We take a short drive to Margate. Mum and auntie hire some deck chairs, and I get bought a bucket and spade.  We find a nice place on the beach to stay and I dig a hole in the sandy beach so deep I find seawater at the bottom, then a large man who is not looking where he is walking falls down my excavation and I am told to fill it in.

So, Auntie buys me a kite because she feels sorry for me, but after running up and down the beach for nearly an hour trying to launch this kite without any success, I give in.

I sit down and read the kites instructions that say I should run into the breeze to launch the kite. And today there is absolutely no breeze at all.

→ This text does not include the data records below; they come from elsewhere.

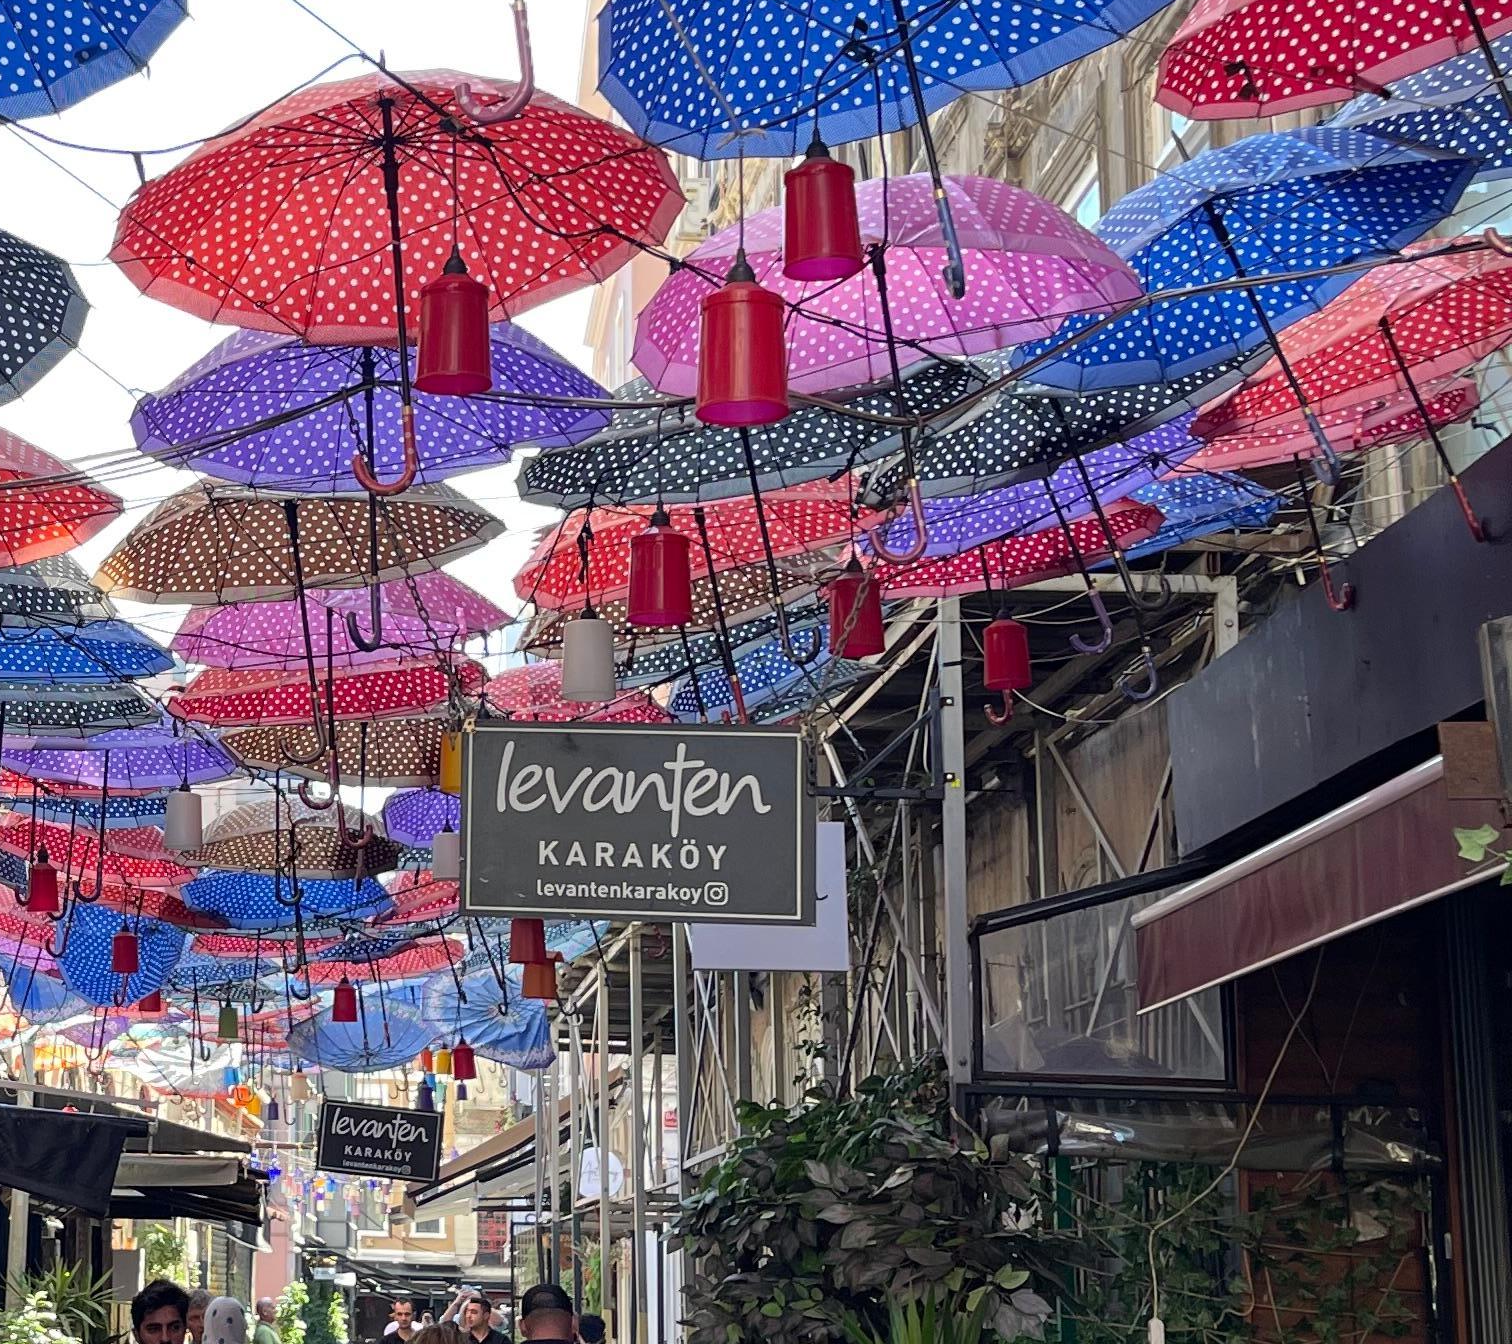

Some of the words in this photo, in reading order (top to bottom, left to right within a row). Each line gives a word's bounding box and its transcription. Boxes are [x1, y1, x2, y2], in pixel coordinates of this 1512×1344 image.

[496, 741, 772, 837] levanten
[538, 839, 728, 871] KARAKÖY
[536, 878, 703, 905] levantenkarakoy
[331, 1107, 429, 1148] levanten
[344, 1145, 413, 1162] KARAKÖY

When running up the beach dragging my kite along the sand behind me, I did see Mum and Auntie pass the instructions back and forth to each other. And at one-point Auntie Lou licked her finger and held it high up in the air and she crossed her head at Mum, probably saying something like…

LOU: Not much wind,

MUM: No, none at all,

I am pretty sure the responsible adults realised the kite needed a breeze to get it into the sky, and they let me run up and down the beach just to tire me out.

Exhausted, I lie down under Mums deck chair and nodded off. I get woken by Mum who has an ice cream for me,

MUM: Leo! Here is an ice cream for you. And we are leaving now to go back to the caravan,

LOU: Lets let Leo have a go on the Donkey ride on the way back to the car and take some photos. I’ll pay,

We walk across the sand to where the tied-up donkeys are. One donkey is untied, and Auntie lifts me up onto its saddle.

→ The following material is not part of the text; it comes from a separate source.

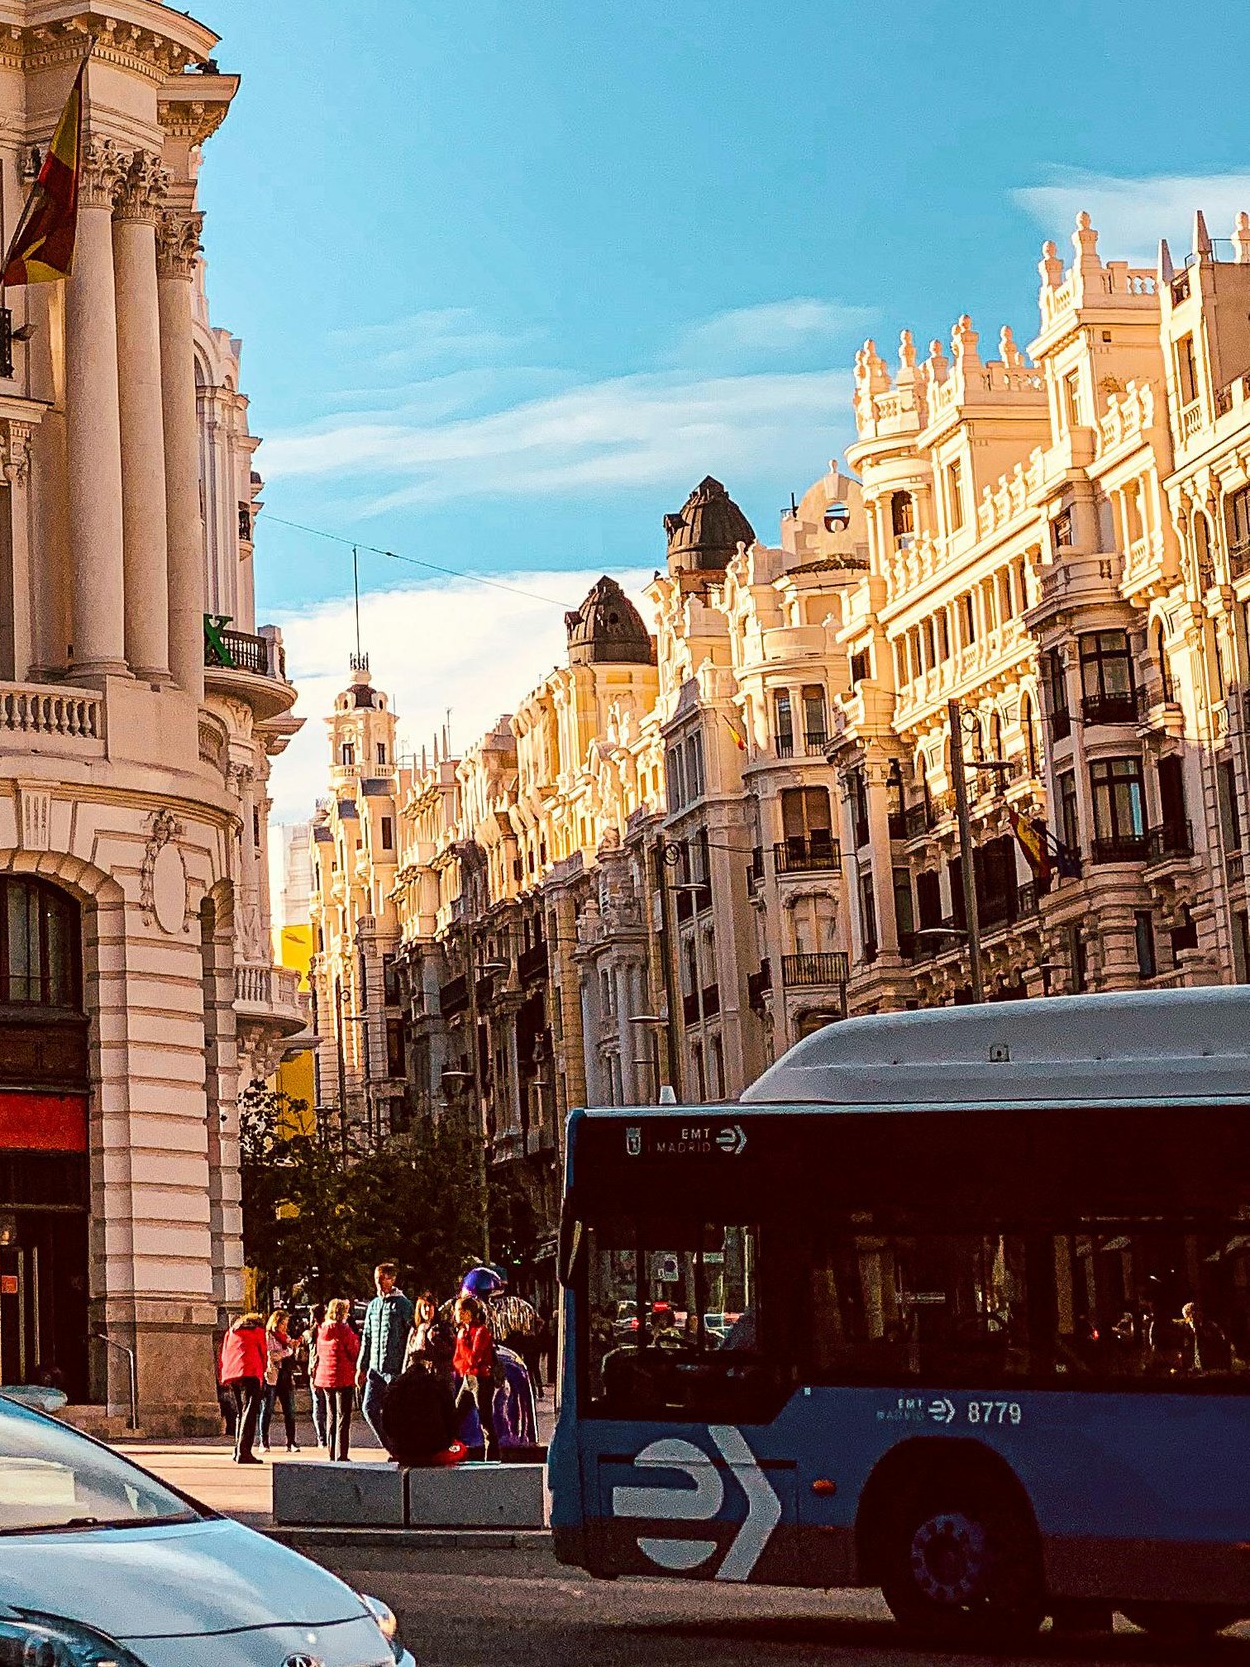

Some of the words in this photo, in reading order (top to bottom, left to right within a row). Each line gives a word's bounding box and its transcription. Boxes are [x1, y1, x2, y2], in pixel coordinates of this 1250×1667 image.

[681, 1128, 711, 1139] EMT
[656, 1141, 711, 1153] MADRID
[968, 1401, 1021, 1424] 8779

My feet cannot reach the stirrups, so I hold the reign and saddle horn in my left hand and balance myself on the shiny slippery saddle.

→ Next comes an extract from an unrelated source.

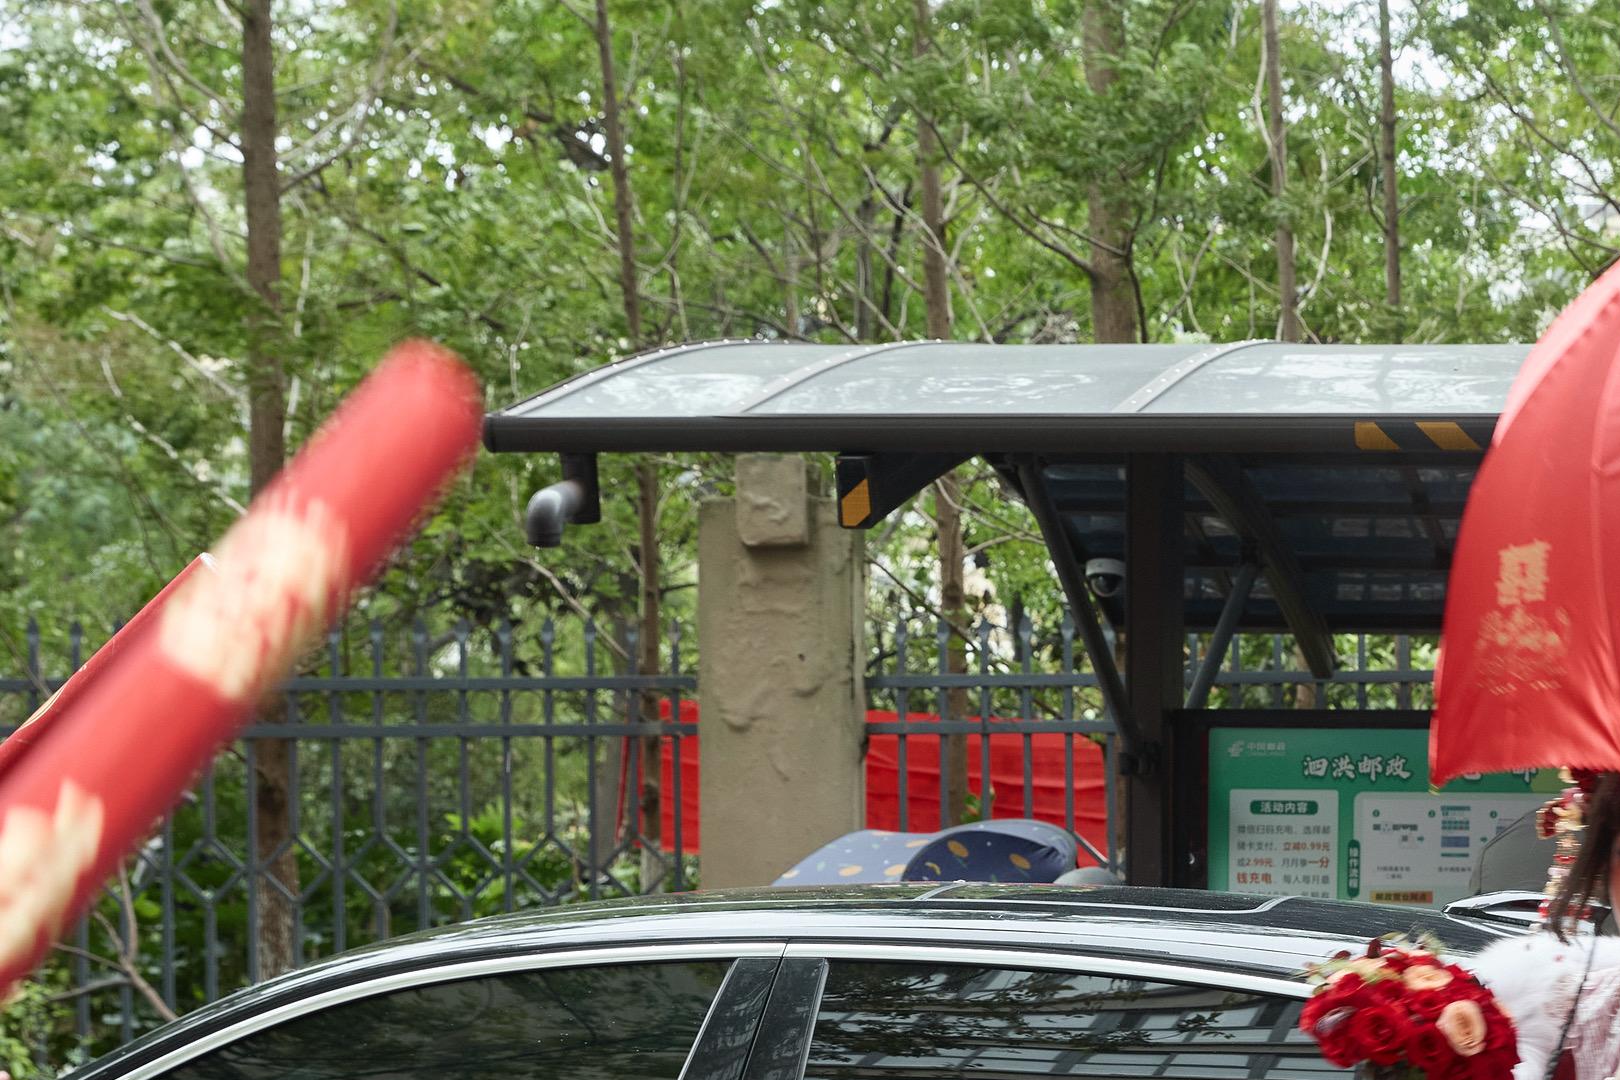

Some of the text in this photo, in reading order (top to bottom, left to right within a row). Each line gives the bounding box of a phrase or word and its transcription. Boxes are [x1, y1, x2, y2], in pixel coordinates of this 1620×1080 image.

[1303, 755, 1412, 782] 泗洪邮政
[1260, 802, 1308, 814] 活动内容

I sit there and eat my ice cream held in my right hand while waiting for Auntie to pay for the donkey ride. The man who will lead the donkey and me along the beach drops the lead on the sand while hunting for change in his leather waist pouch.

All this time the donkey had been looking around the other way at another donkey ride further down the beach, every time this donkey turned around the man pulled him (The Donkey) back to face the other way. The Male donkey I am sitting on looks down at the dropped lead and turns around, the man looks up and goes to pick up the lead. Too late, the donkey has walked away quickly with the man in pursuit.

The man shouts at the donkey, but this just makes the animal start to trot along quicker than the man can run. I’m just trying to hold on and eat my ice cream and enjoying the bumpy ride, because I think this is what the ride is all about.

Here I am, on this donkey, bobbing up and down holding on with one hand and trying to eat this ice cream. Because of the unstable ride I try and guide my ice cream cone to my mouth, but I push the cone into my nose instead.

Then, with my mouth wide open, I manage to push it into my forehead, then the ice cream falls off, so I take a bite out of the wafer cone before I grab the saddle horn with both hands now trying to hold on.

We reach the other donkey herd at the other end of the beach. My donkey slows down and sniffs this other donkey’s arse, then mounts it and starts to shag it. I slide backwards off the saddle and summersault onto my bum into the soft Margate sand.

My Auntie got her money back, and I got my first donkey ride.